Information provided below:
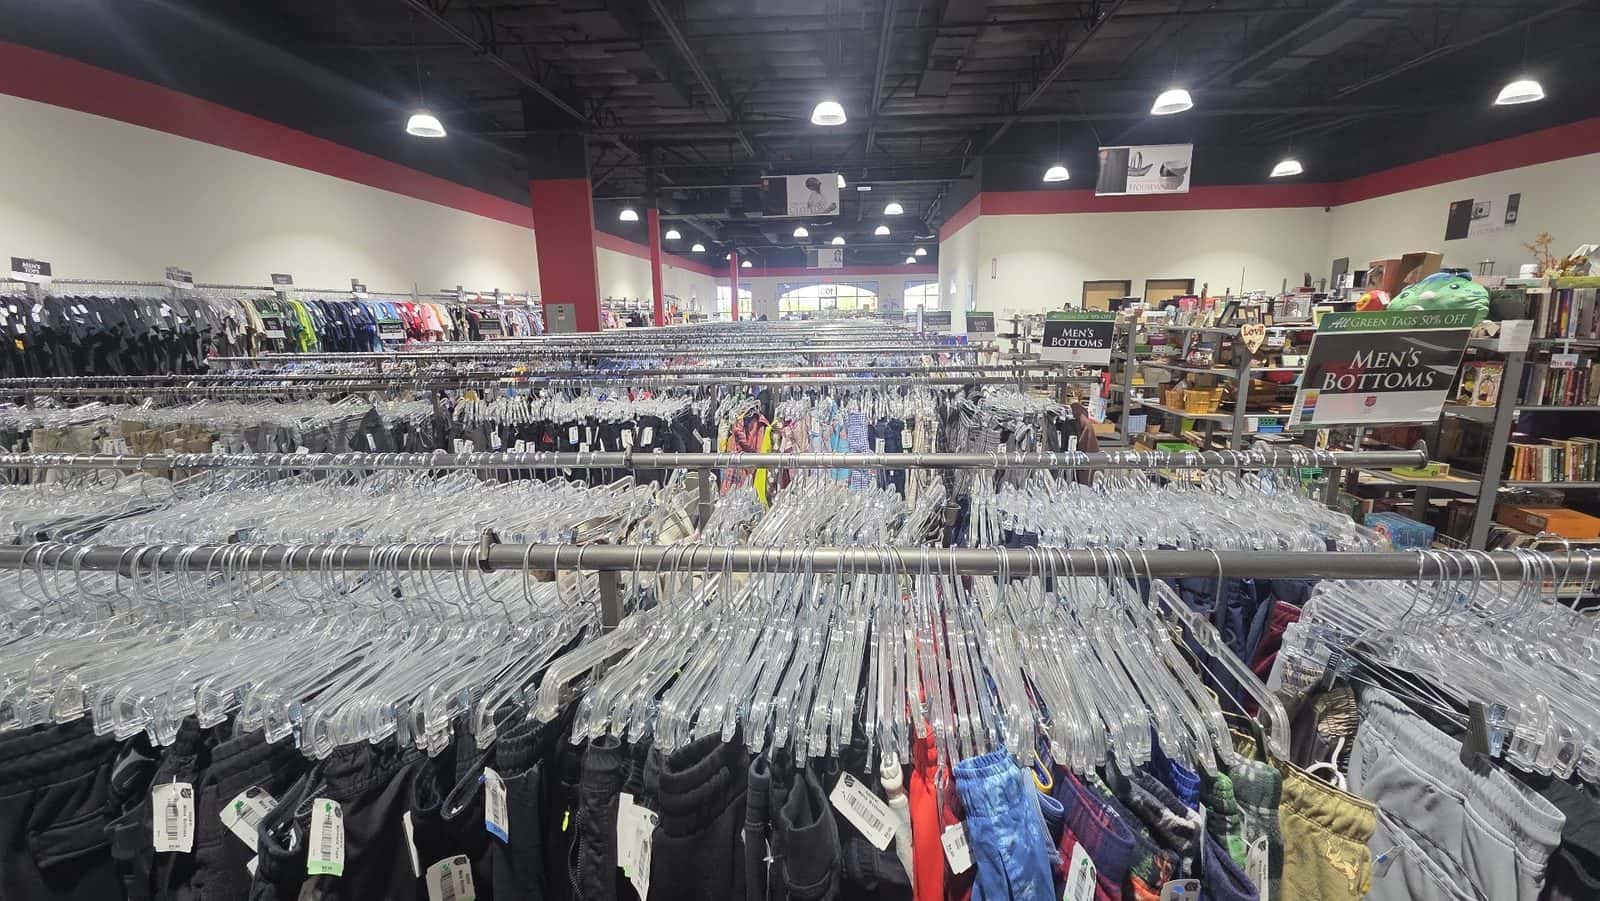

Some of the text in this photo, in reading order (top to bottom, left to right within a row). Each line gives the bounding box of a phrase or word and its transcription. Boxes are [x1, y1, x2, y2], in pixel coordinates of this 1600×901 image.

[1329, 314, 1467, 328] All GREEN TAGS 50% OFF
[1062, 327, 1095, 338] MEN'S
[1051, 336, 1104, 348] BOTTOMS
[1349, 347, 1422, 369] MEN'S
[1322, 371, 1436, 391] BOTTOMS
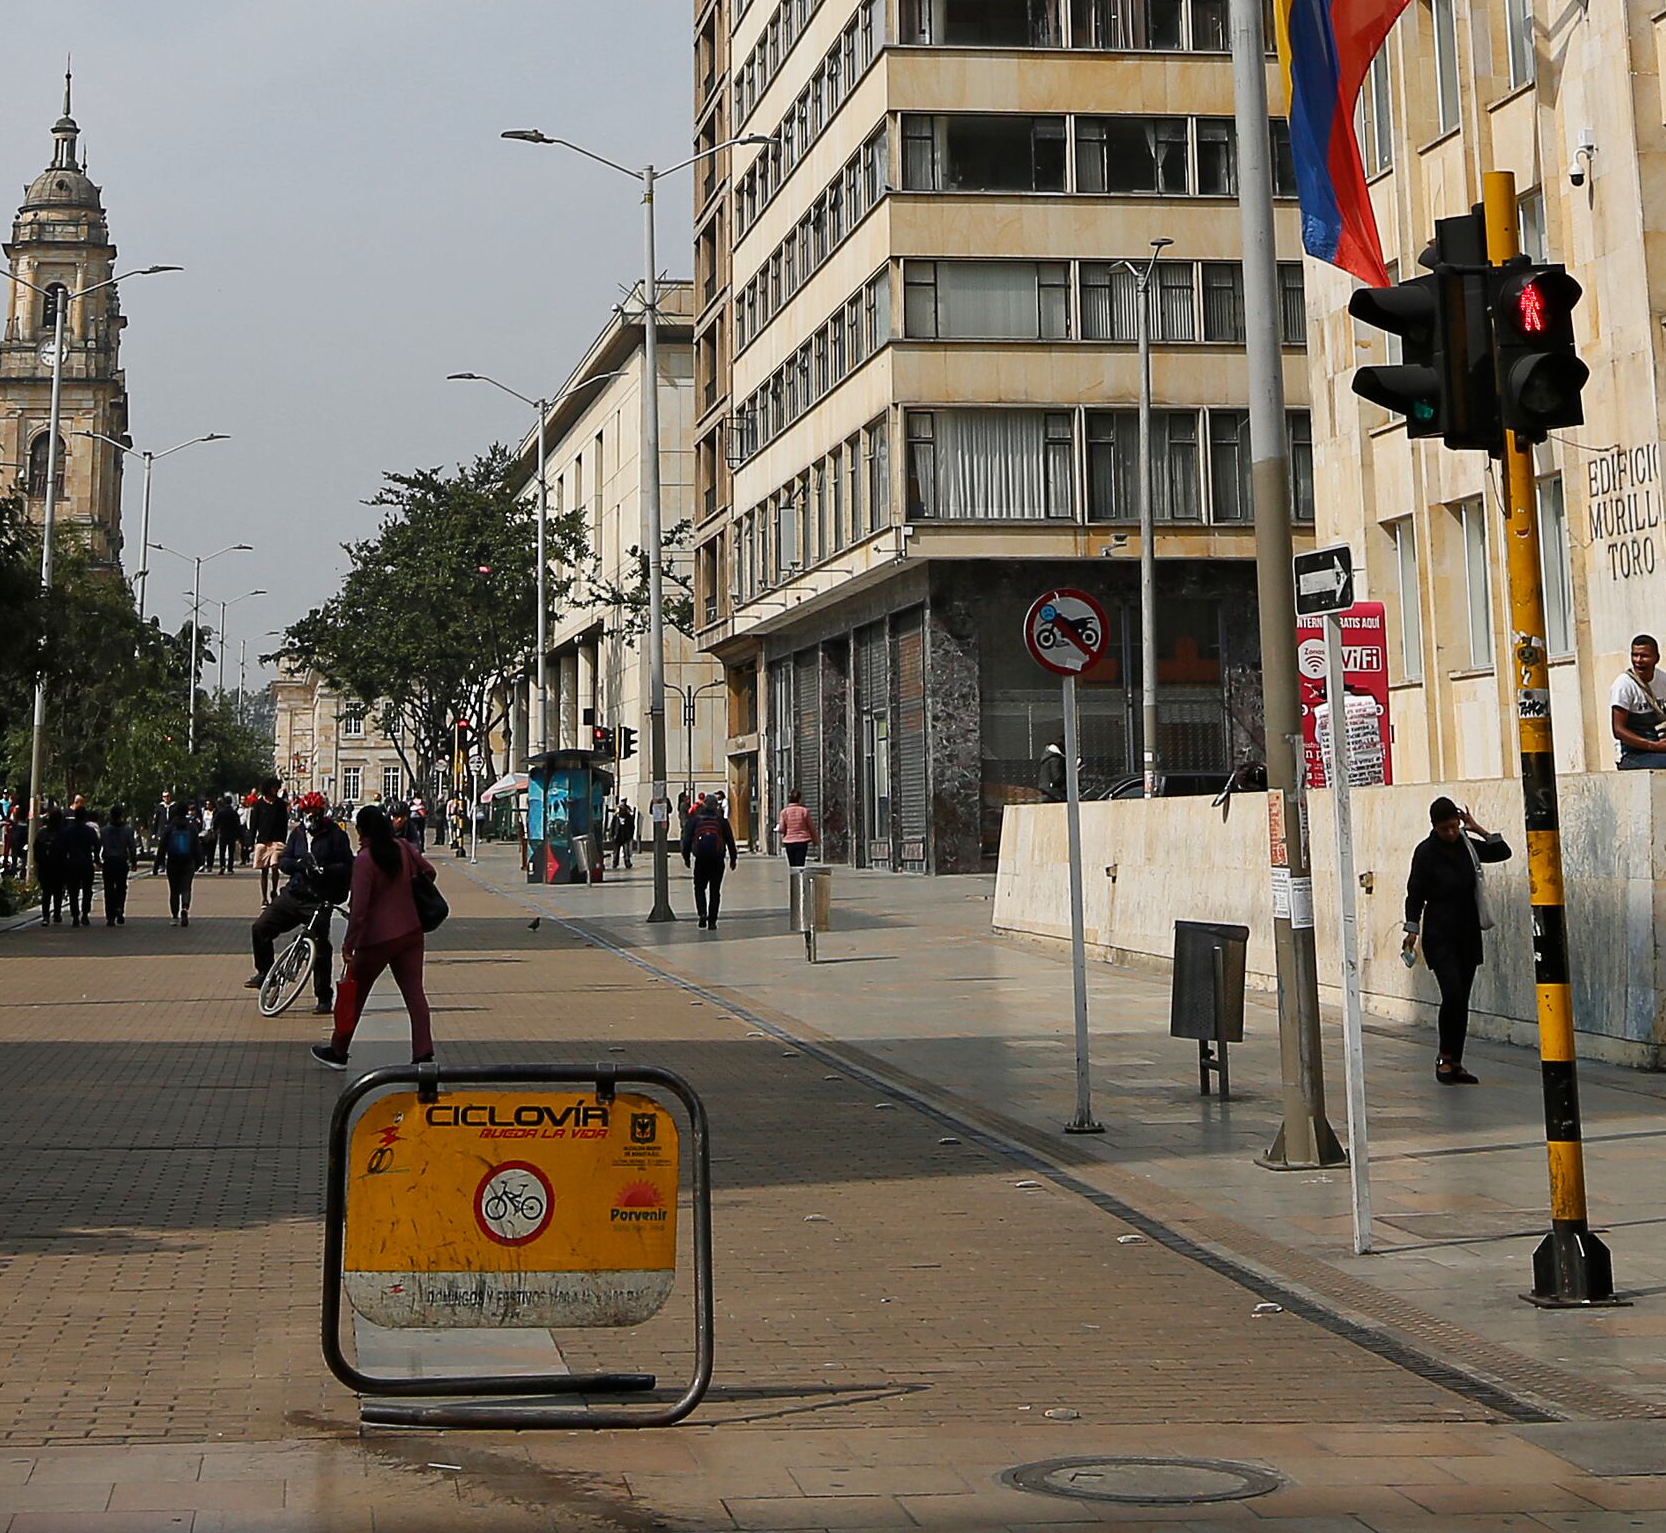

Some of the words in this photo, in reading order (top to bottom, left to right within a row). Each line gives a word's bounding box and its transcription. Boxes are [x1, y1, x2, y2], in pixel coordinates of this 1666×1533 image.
End of Information provided.
Information provided below:
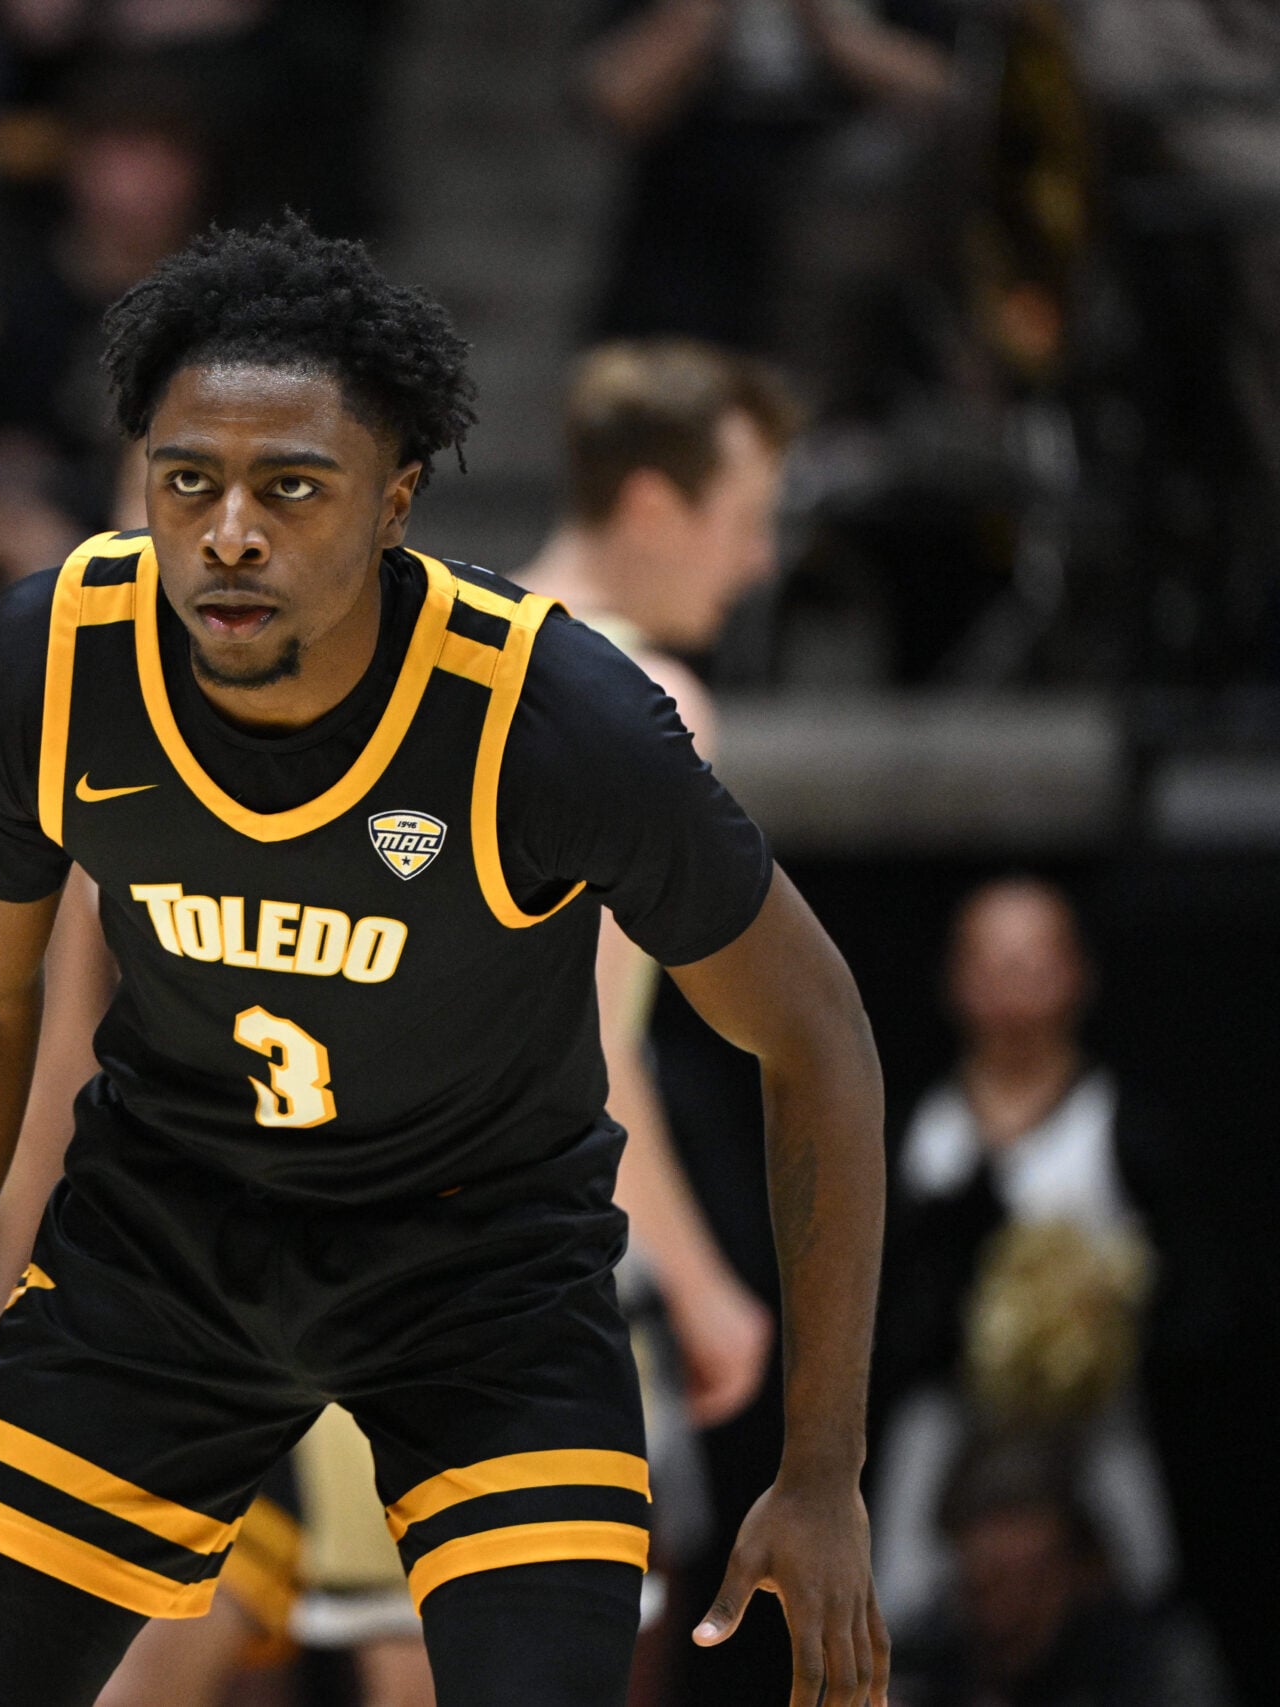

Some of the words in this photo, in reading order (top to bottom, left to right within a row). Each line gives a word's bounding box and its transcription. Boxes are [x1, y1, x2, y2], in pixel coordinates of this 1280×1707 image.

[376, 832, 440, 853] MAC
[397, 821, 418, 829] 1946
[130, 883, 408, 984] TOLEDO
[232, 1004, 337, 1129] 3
End of Information provided.
Information provided below:
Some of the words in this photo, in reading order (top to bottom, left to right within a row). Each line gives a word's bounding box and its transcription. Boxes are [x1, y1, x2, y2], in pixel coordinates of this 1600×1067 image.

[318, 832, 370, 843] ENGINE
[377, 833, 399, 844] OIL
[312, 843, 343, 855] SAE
End of Information provided.
▶ Exercise description: From the records above, copy exactly the lines starting at the one with "Some of the text" and ending at the one with "this 1666×1533 image.", and no others. Pictures stay out.

▶ Finished task:
Some of the text in this photo, in reading order (top to bottom, left to right within a row). Each line gives the bounding box of a phrase or word and its transcription. Boxes are [x1, y1, x2, y2], in pixel coordinates of this 1600×901 image.

[1329, 314, 1467, 328] All GREEN TAGS 50% OFF
[1062, 327, 1095, 338] MEN'S
[1051, 336, 1104, 348] BOTTOMS
[1349, 347, 1422, 369] MEN'S
[1322, 371, 1436, 391] BOTTOMS

Some of the words in this photo, in reading order (top to bottom, left to right within a row). Each line gives a word's bounding box and its transcription. Boxes are [x1, y1, x2, y2], in pixel coordinates of this 1666×1533 image.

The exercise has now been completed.